Joe Baker

Personal information
- Full name: Joseph Philip Baker
- Date of birth: 19 April 1977
- Place of birth: Kentish Town, London
- Position: Right winger

Youth career
- Chelsea
- Charlton Athletic

Senior career*
- Years: Team / Apps / (Gls)
- 1995–1999: Leyton Orient / 75 / (3)
- Sutton United
- Billericay Town

= Joe Baker (footballer, born 1977) =

English footballer (b. 1977)

Joseph Philip Baker is an English former professional footballer who played as a right winger for Leyton Orient in the Football League in the late 1990s.
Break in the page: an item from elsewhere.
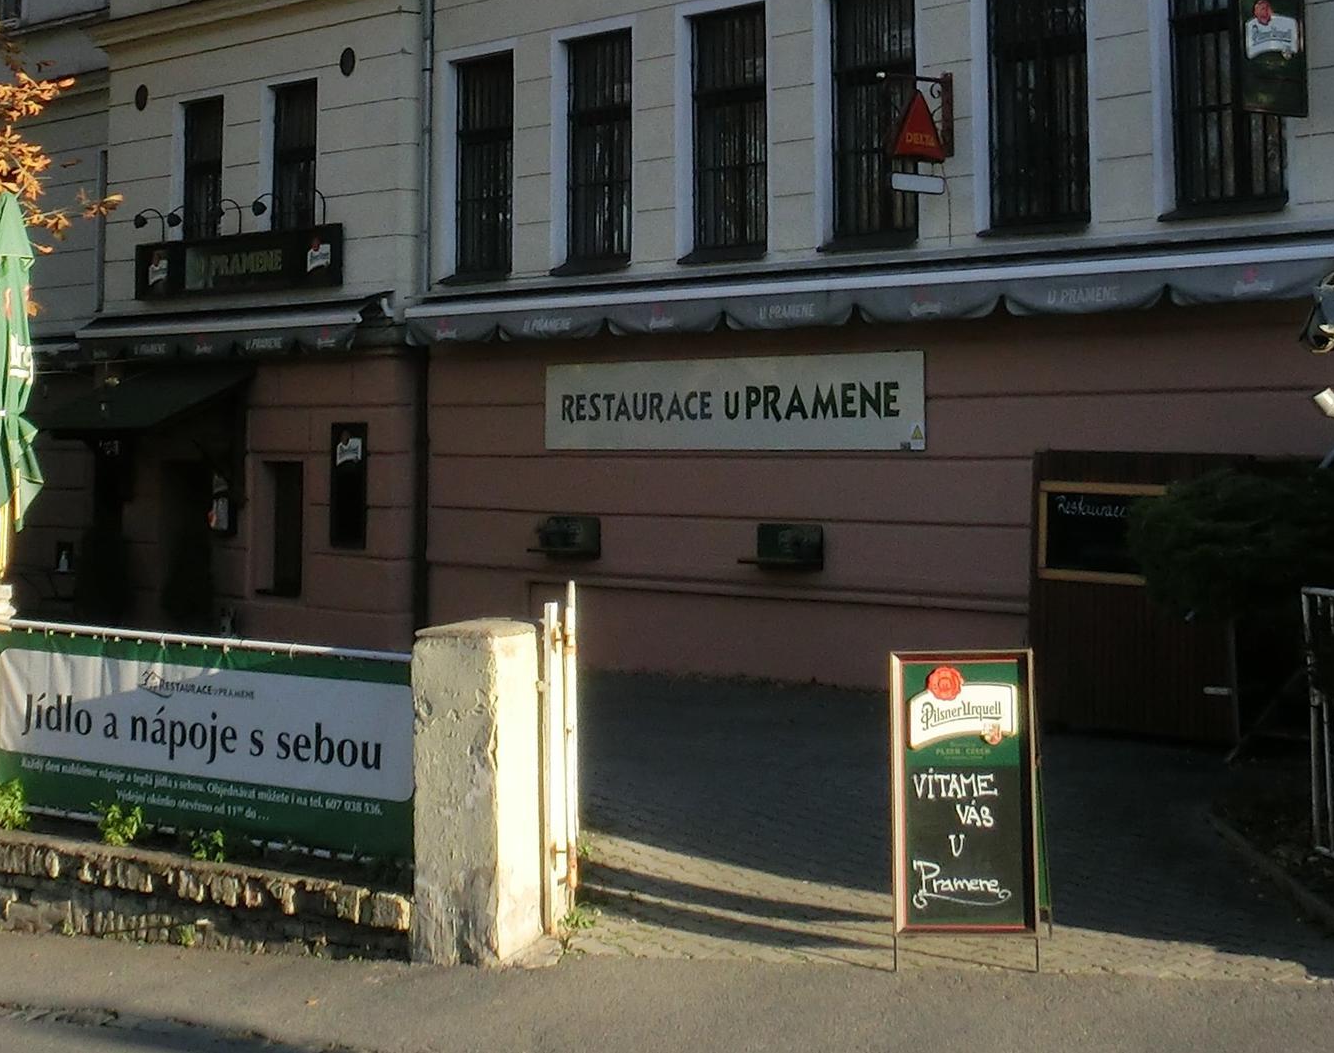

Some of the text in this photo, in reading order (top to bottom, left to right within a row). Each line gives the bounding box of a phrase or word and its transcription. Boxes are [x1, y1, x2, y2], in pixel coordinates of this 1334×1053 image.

Baker was born in Kentish Town, London, on 19 April 1977. He came through the youth ranks at Chelsea and Charlton Athletic before signing for Leyton Orient in May 1995. He started only 23 games in the Football League but made 52 appearances as a substitute, scoring three goals. He was never able to pin down a starting place in the first team and after five seasons, he was released by Orient in October 1999 and dropped into non-league football with Sutton United and Billericay Town for whom he made over 100 appearances.

== Career statistics ==
Source: Kaufman, Neilson N (2002). "The Men Who Made Leyton Orient Football Club"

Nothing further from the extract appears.